> _Required work_: Repeat each record exactly as written, and drop any images.

Saved data entries:
►
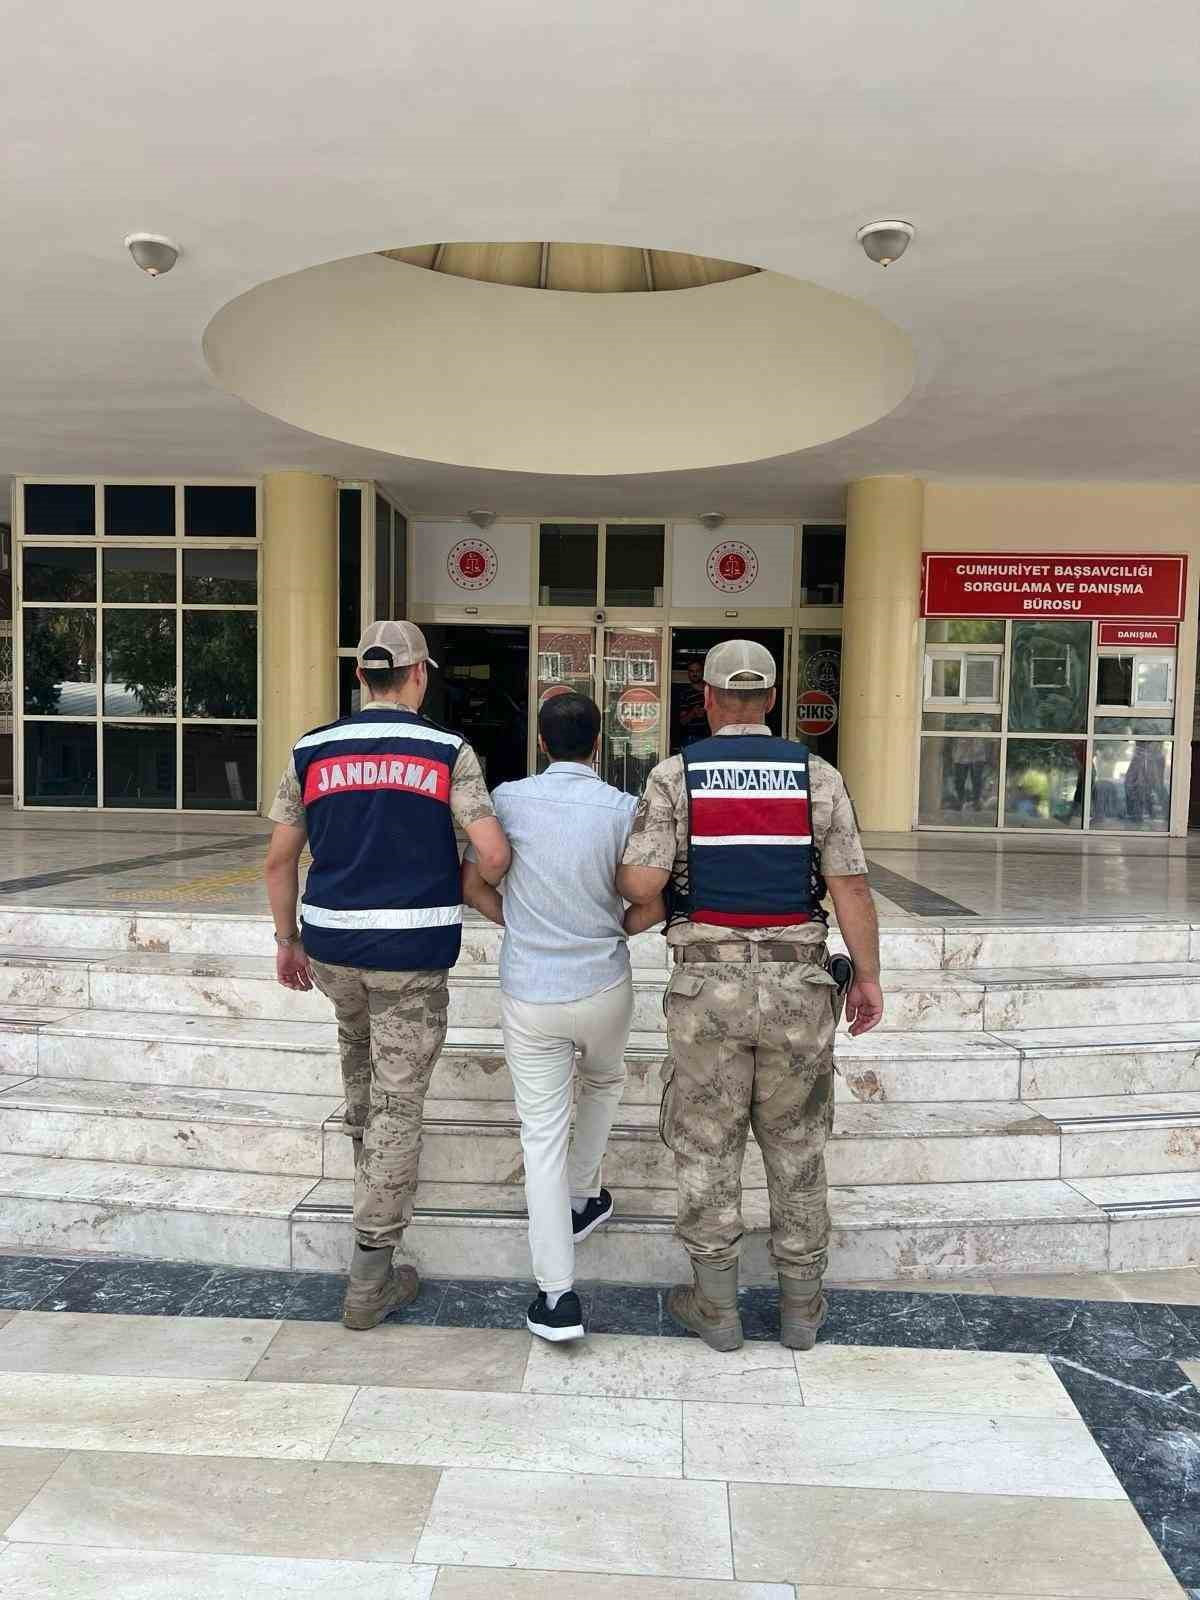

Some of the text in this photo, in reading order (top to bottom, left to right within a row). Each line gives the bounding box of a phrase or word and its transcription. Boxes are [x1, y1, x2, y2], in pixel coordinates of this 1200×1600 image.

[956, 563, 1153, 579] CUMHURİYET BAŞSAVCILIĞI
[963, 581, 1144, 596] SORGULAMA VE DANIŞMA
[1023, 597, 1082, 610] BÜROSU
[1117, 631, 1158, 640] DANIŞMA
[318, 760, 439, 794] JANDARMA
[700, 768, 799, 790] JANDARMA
◄
> _Response to this task_:
Some of the text in this photo, in reading order (top to bottom, left to right within a row). Each line gives the bounding box of a phrase or word and its transcription. Boxes are [x1, y1, x2, y2], in pixel coordinates of this 1200×1600 image.

[956, 563, 1153, 579] CUMHURİYET BAŞSAVCILIĞI
[963, 581, 1144, 596] SORGULAMA VE DANIŞMA
[1023, 597, 1082, 610] BÜROSU
[1117, 631, 1158, 640] DANIŞMA
[318, 760, 439, 794] JANDARMA
[700, 768, 799, 790] JANDARMA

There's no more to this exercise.